Dive Brief:
- Bluebird bio Inc. said Tuesday it expects to file three gene therapies for U.S. approval by 2019, setting down a marker for when the biotech hopes to transition into life as a commercial company.
- First up is bluebird's LentiGlobin candidate, which the company plans to submit for European approval in transfusion-dependent beta thalassemia this year. Filings for Lenti-D in cerebral adrenoleukodystrophy (CALD) and for the CAR-T candidate bb2121 in multiple myeloma are slated for 2019.
- While those dates are still some time away, bluebird CEO Nick Leschly isn't waiting to start addressing the difficult questions around price and value. "If you have a life-long value on a patient, you can't expect a payer to pay that all up front at one time," said Leschly. "How do we address that?"
Dive Insight:
This year bluebird bio secured a coveted slot presenting in the Grand Ballroom of the Westin St. Francis, where the J.P. Morgan Healthcare Conference is held each year.
Leschly used that stage and top billing to take an unorthodox tack to pitching a room full of high-powered investors and analysts. The CEO chose not to fill his presentation slides with colorful waterfall plots of patient responses to treatment or detailed financial models.
Eschewing a data-heavy approach, Leschly instead featured personal patient stories across each of the company's many therapeutic areas. Such a focus formed a bridge to broaching one of the most challenging topics for companies making strides in cell and gene therapy: what to charge.

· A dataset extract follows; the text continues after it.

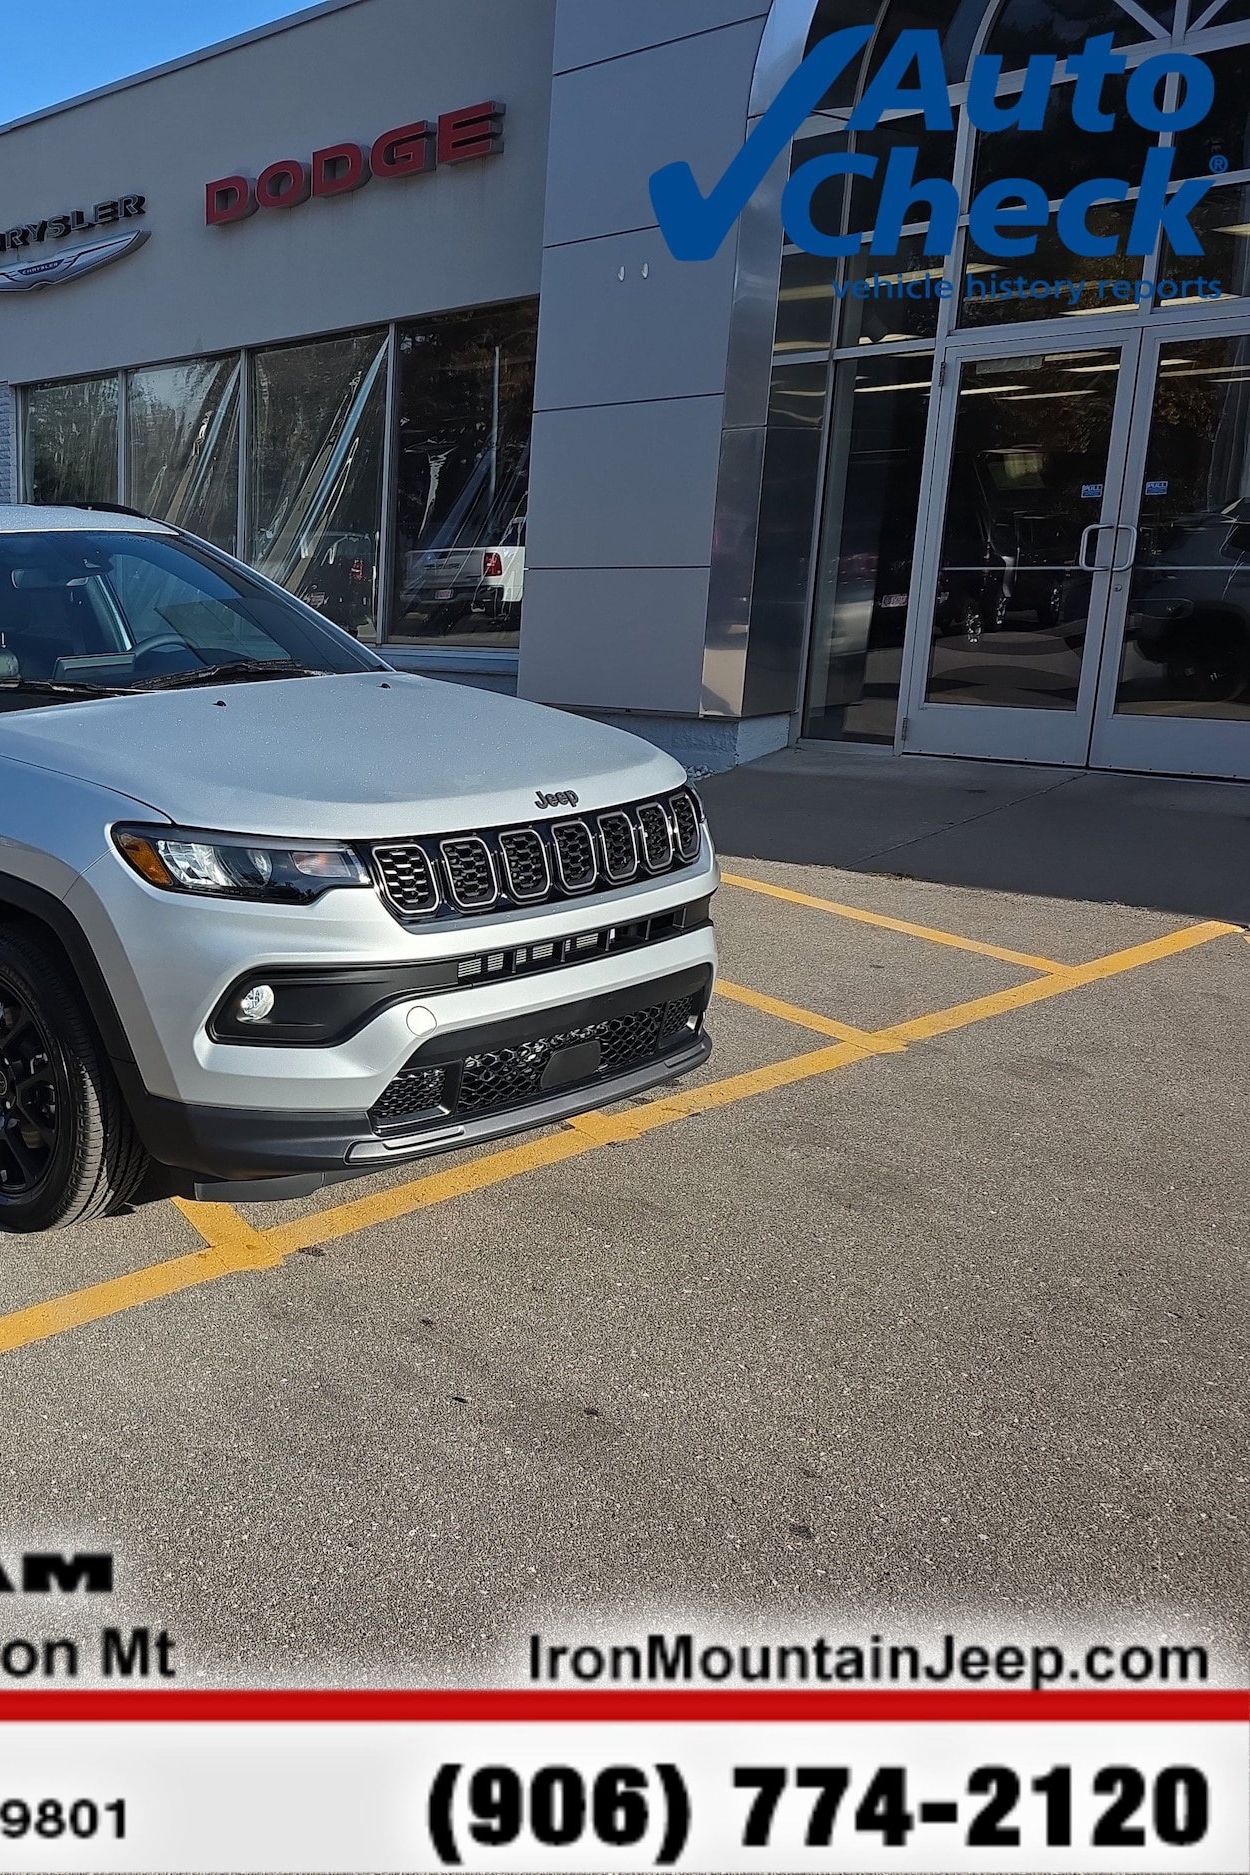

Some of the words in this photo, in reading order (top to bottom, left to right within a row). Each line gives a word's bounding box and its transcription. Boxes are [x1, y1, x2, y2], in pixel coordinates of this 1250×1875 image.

[205, 100, 506, 226] DODGE
[21, 261, 60, 275] CHRYSLER
[534, 789, 579, 809] Jeep

Leschly laid out several of the key hurdles that impede easy solutions for how to appropriately pay for gene therapy, flagging Medicaid Best Price regulations and a mismatch between upfront payment and long-term value as particularly thorny roadblocks.
"If you want to get creative there [in pricing], you have got to take down some barriers," Leschly explained. "We want to recognize value over time. We want to share risk and we need the participants in the system to play ball with us on that."
A particular issue in the U.S. is the frequency at which individuals change insurance providers. Insurers which pay for a patient to receive a (potentially) near-curative gene therapy will want to ensure they are the beneficiary of that long-term value.
"If people are moving payers, how do we make sure — just like a preexisting condition moves with you — maybe a financial preexisting condition moves with you," Leschly mused. "But that's okay. Now you have allowed a payer to be willing to invest in these procedures because they are not worried about this amortization problem."
Bluebird has no illusions that some of these problems go beyond its ability as a public company to address. Many are embedded in the foundation of a healthcare system set up to pay for recurring treatments given for chronic disease — not a one-time lump sum for a cure.
Spark Therapeutics Inc. recently tested these waters, announcing it would charge $425,000 per eye for its groundbreaking gene therapy Luxturna (voretigene neparvovec). While the price may not have broken the $1 million mark, Luxturna is now easily one of the most expensive drugs available. At the same time, Spark unveiled arrangements with a regional insurer and the major pharmacy benefit manager Express Scripts to better align payment with value and to streamline billing.
That bluebird is thinking about these problems now is a positive sign. Such forethought should help the company down the road if all goes according to plan. But delivering a pricing strategy that pleases investors as much as it wins over payers remains a high bar to clear.